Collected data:
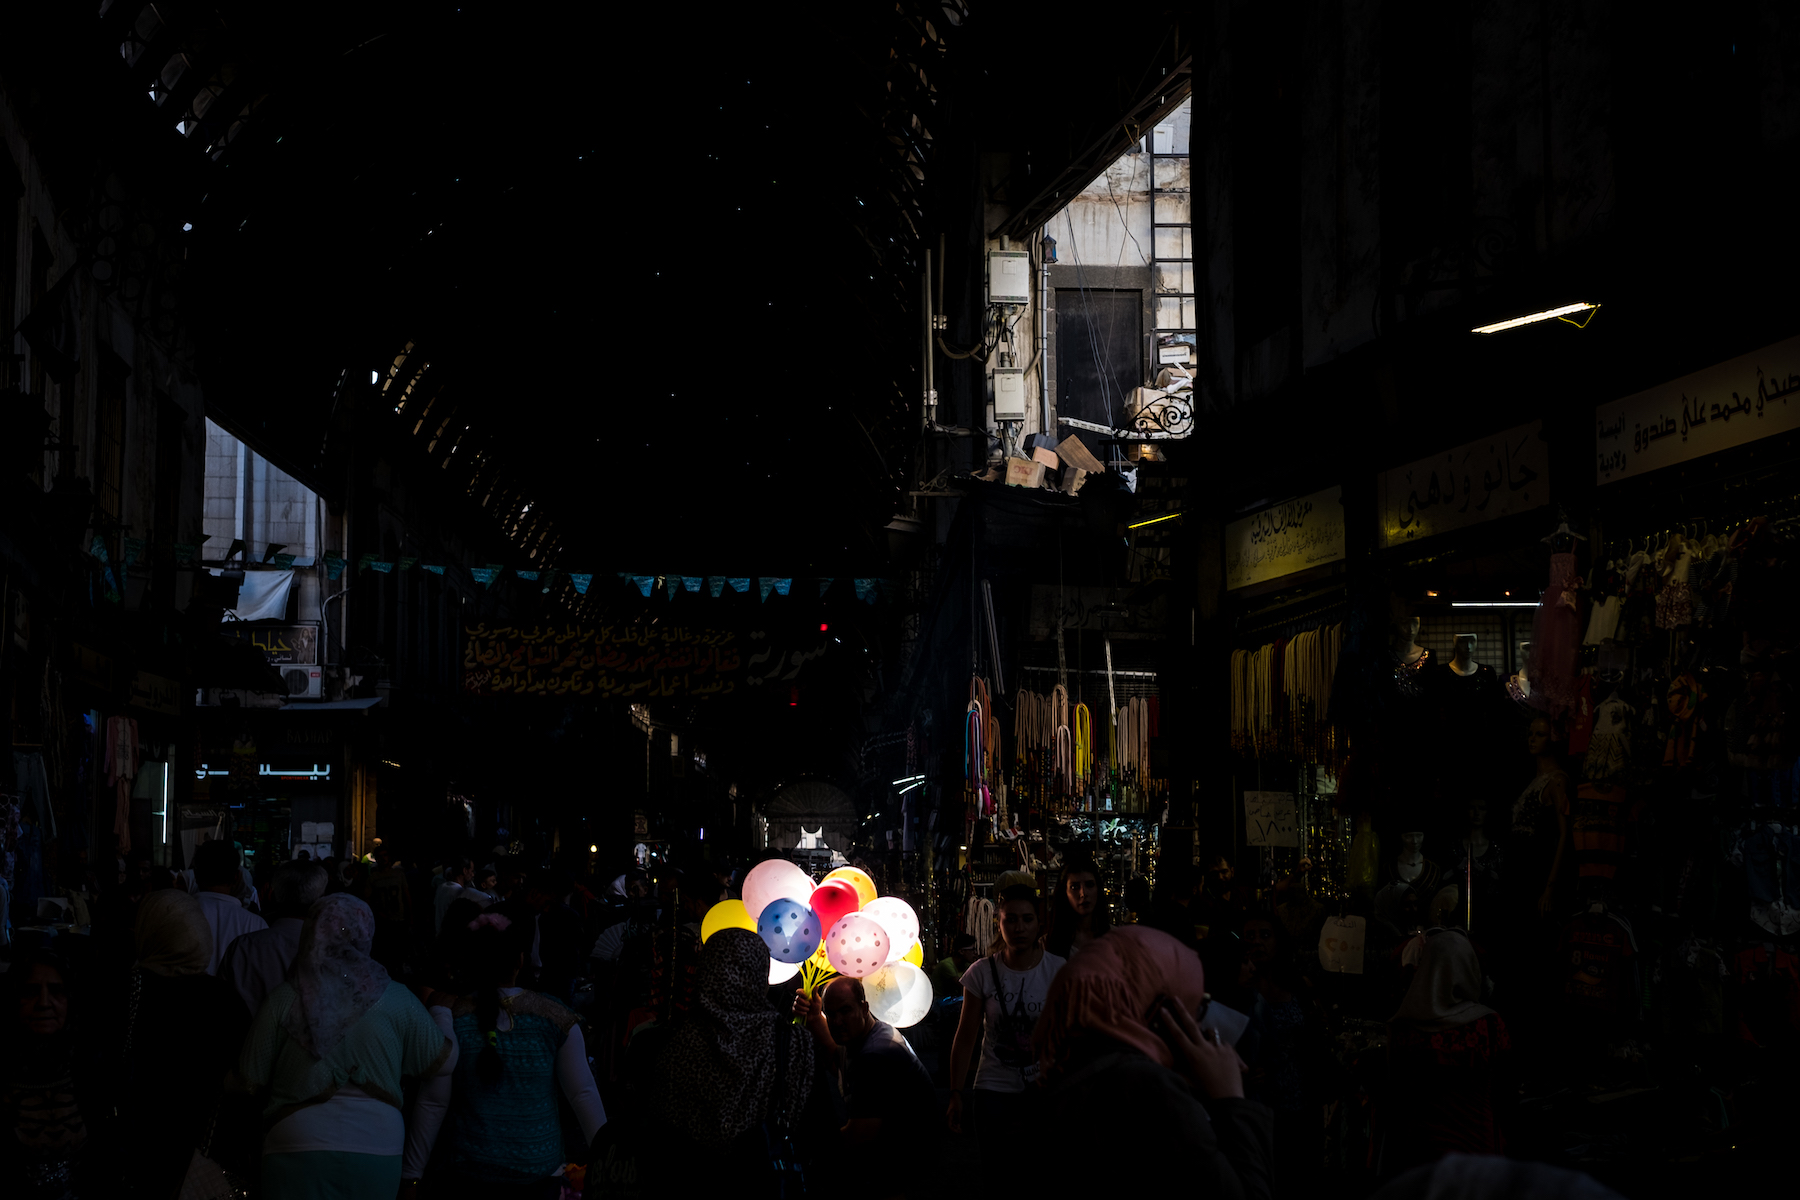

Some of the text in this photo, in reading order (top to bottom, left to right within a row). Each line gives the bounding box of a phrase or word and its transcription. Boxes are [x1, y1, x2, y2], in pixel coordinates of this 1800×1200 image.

[1681, 393, 1707, 443] علي
[1711, 392, 1751, 421] محمد
[1634, 414, 1677, 453] صندوق
[465, 622, 736, 648] عزيزة وغالية على قلب كل مواطن عربي وسوري
[509, 644, 560, 673] التسامح
[551, 641, 585, 674] شهر
[579, 644, 630, 673] رمضان
[627, 645, 660, 673] شهر
[746, 630, 828, 686] سورية
[490, 667, 528, 694] واحدة
[546, 669, 596, 696] ونكون
[597, 669, 653, 699] سورية
[690, 673, 736, 701] ونعيد
[1255, 819, 1293, 842] ١٨٠٠

(WHAT YOU ARE ASKED TO DO)
Each line above should be written out again exactly, and no picture should appear in the copy.

(YOUR RESPONSE)
Some of the text in this photo, in reading order (top to bottom, left to right within a row). Each line gives the bounding box of a phrase or word and its transcription. Boxes are [x1, y1, x2, y2], in pixel coordinates of this 1800×1200 image.

[1681, 393, 1707, 443] علي
[1711, 392, 1751, 421] محمد
[1634, 414, 1677, 453] صندوق
[465, 622, 736, 648] عزيزة وغالية على قلب كل مواطن عربي وسوري
[509, 644, 560, 673] التسامح
[551, 641, 585, 674] شهر
[579, 644, 630, 673] رمضان
[627, 645, 660, 673] شهر
[746, 630, 828, 686] سورية
[490, 667, 528, 694] واحدة
[546, 669, 596, 696] ونكون
[597, 669, 653, 699] سورية
[690, 673, 736, 701] ونعيد
[1255, 819, 1293, 842] ١٨٠٠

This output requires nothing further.